A version is the outer loop: a coherent group of sprints with a shared mission. It opens when its first sprint opens, and closes when the version's Definition of done is met.

Backlog refinement

Owned by System 3 (sprint coherence drives whether next is honest). Captures are filed by System 2 when discovered during execution. Identity-fit calls are referred to System 5; next↔deferred moves for the next version are driven by System 4.
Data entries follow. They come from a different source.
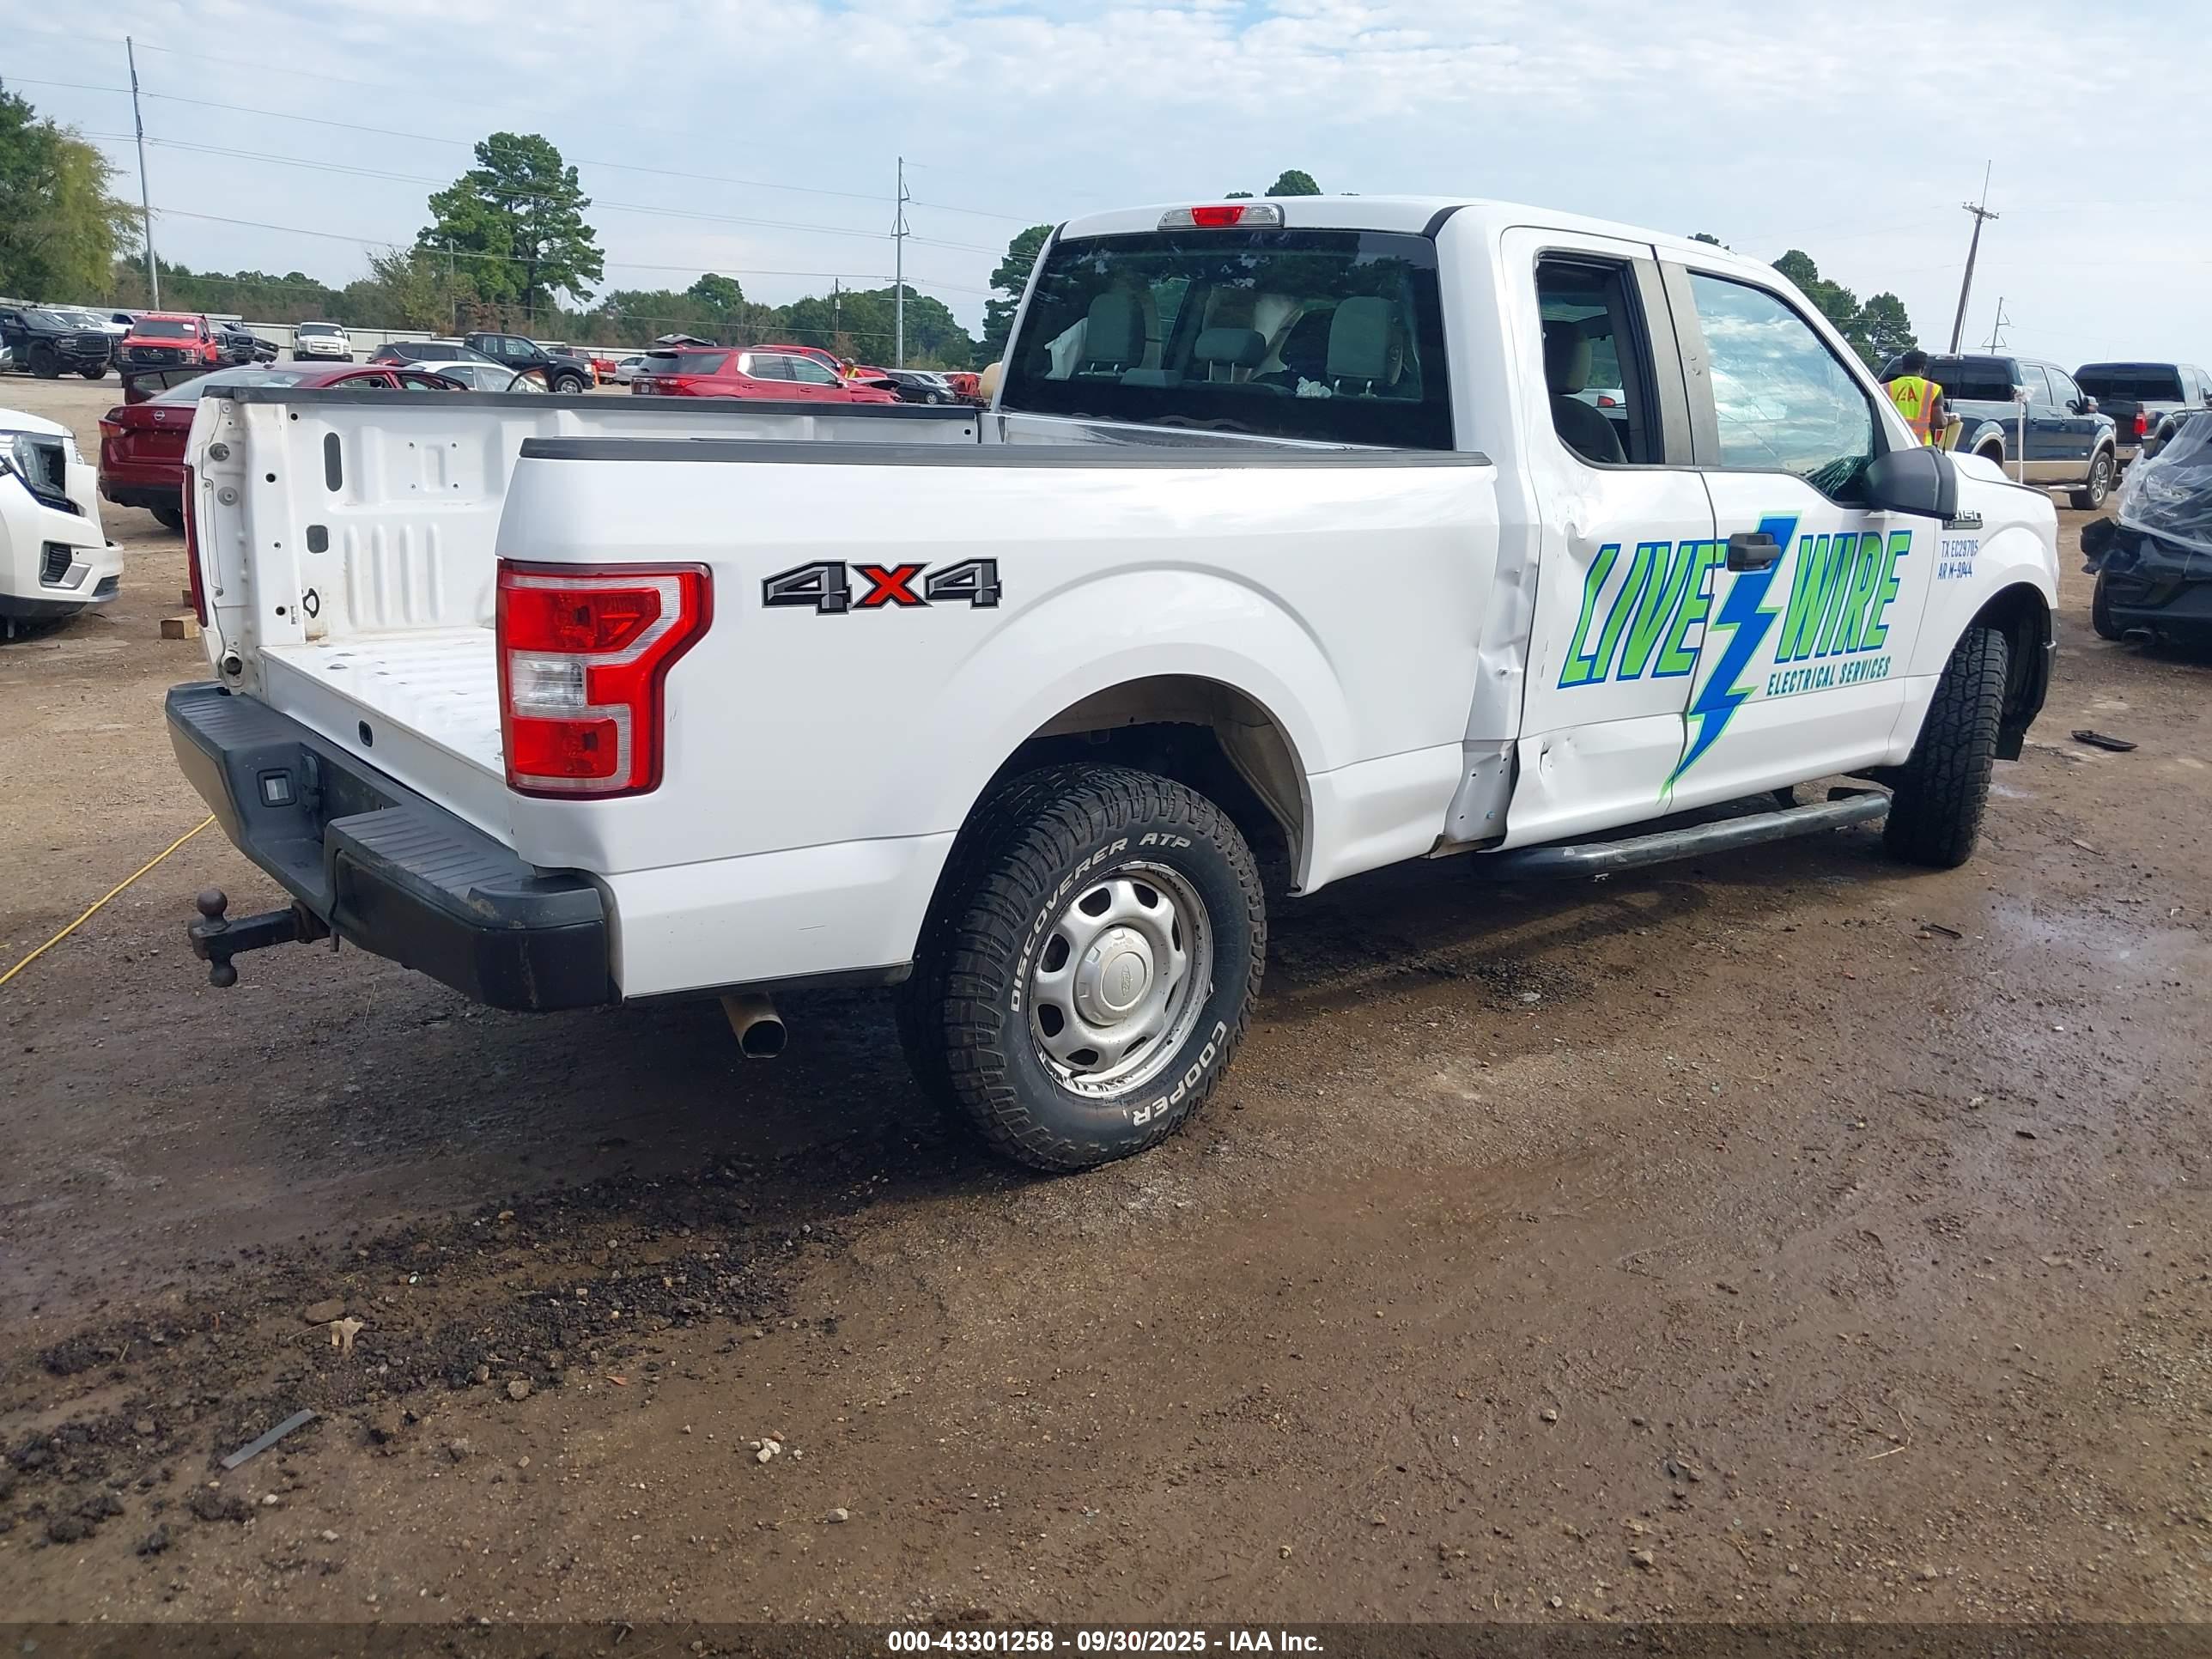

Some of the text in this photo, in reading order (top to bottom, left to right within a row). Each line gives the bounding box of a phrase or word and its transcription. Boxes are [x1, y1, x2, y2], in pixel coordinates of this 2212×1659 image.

[1937, 562, 1948, 580] AR
[1941, 540, 1950, 558] TX
[1558, 529, 1913, 690] LIVE WIRE
[1765, 655, 1892, 696] ELECTRICAL SERVICES
[1010, 832, 1192, 1012] DISCOVERER ATP
[1133, 1020, 1227, 1127] COOPER
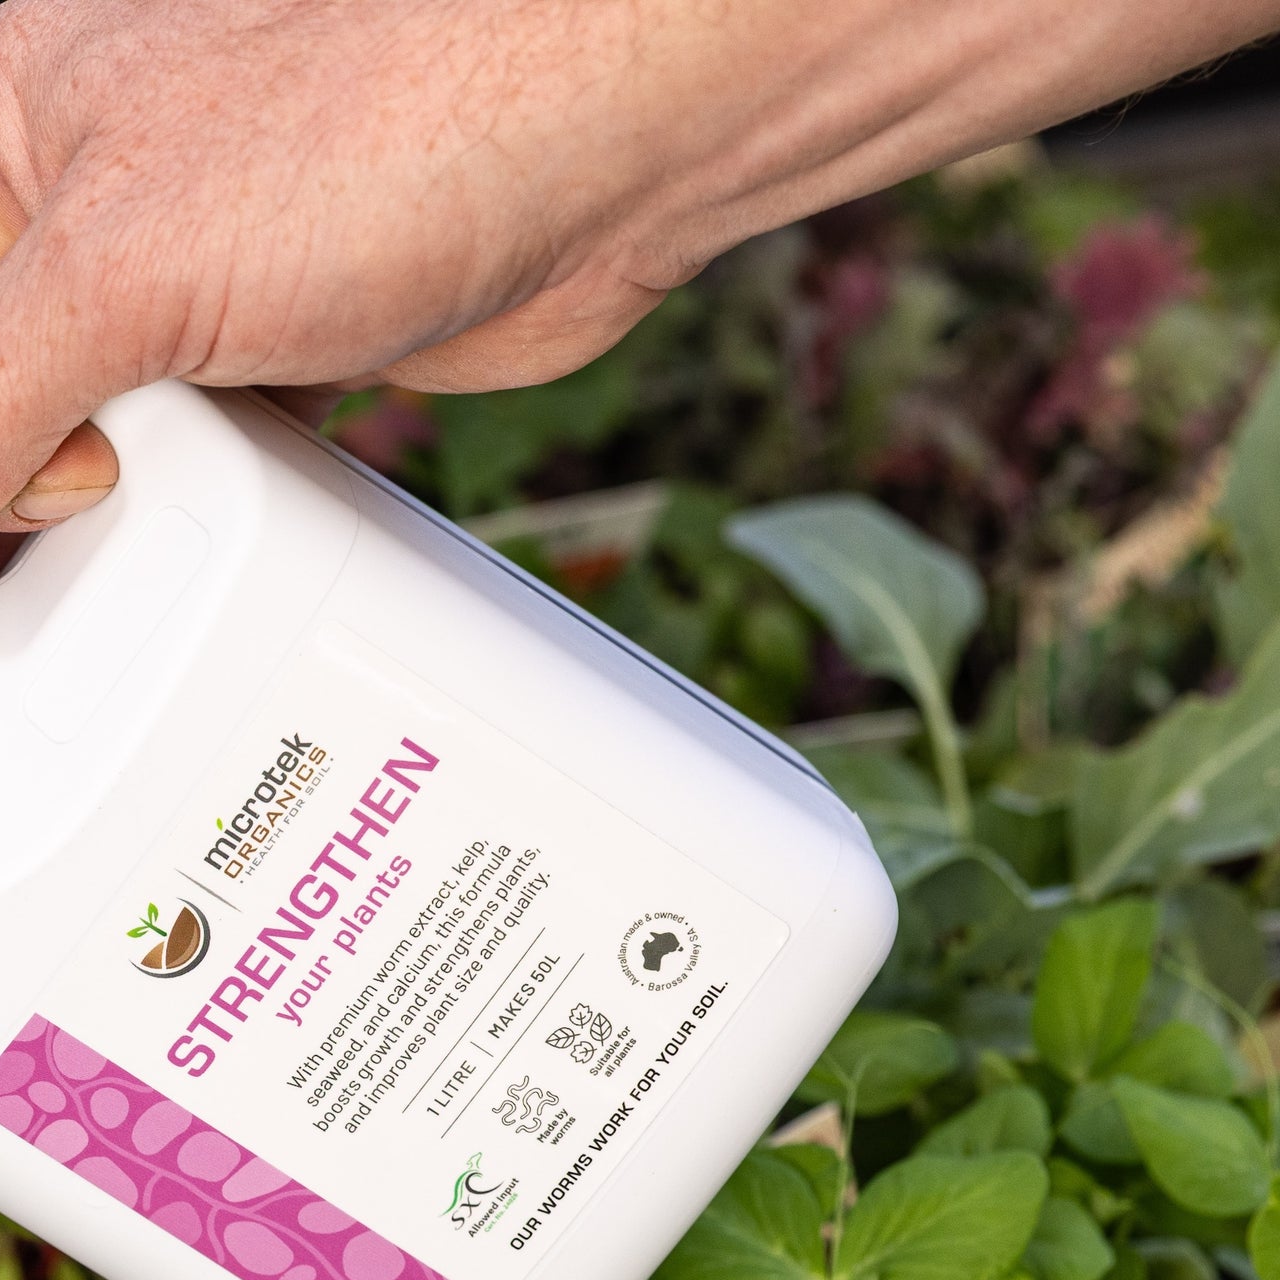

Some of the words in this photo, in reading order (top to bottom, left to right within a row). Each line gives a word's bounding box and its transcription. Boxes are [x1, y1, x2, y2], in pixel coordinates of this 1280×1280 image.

Refinement is the cheap, ongoing work that keeps the next bucket usable. It is not a meeting — it is small touches whenever a capture is touched:

  • New ideas land via compass add capture. Pick the bucket using the rules in product backlog.
  • A capture's body may be tightened (description, tags) as a sprint approaches and it becomes a serious candidate.
  • A capture moves git mv between buckets when its horizon changes (e.g. a "deferred" idea becomes "next" because its blocking dependency landed; a "next" idea drops to "deferred" because the next version's focus shifted).
  • Captures that are no longer interesting are deleted, not archived. The product backlog is not an artefact museum.

A capture file carries no Status table — there is nothing to update during refinement except its body and bucket.

Sprint phases

A sprint moves through three phases; each phase has its own page and the boundaries are sharp:

  • Sprint planning — mission first, then stories, then tasks. Ends when the sprint is ready: mission filled, at least one story BACKLOG-ready.
  • Sprint execution — tasks through the lifecycle, one PR each; heartbeat rule; discovered-work triage.
  • Sprint closure — resolve stories, achievements, release notes, retrospective; ends when the record is complete.

Closing a version

A version closes when its Definition of done is met. The version file's Status moves STARTED → RELEASED, :CLOSED: is stamped, and the Sprints table on the version page is the historical record.

The concept pages

Page Carries
Stories What a story is; themes and epics; story sizing; ready/done; cross-sprint continuations.
Tasks The one-PR rule and sizing limits; discovered tasks; ready/done.
Sprint planning Opening a sprint step by step; the mission as filter; readiness.
Sprint execution The execution loop; the heartbeat rule; discovered-work triage.
Sprint closure The closure sequence; achievements; release notes; retrospective.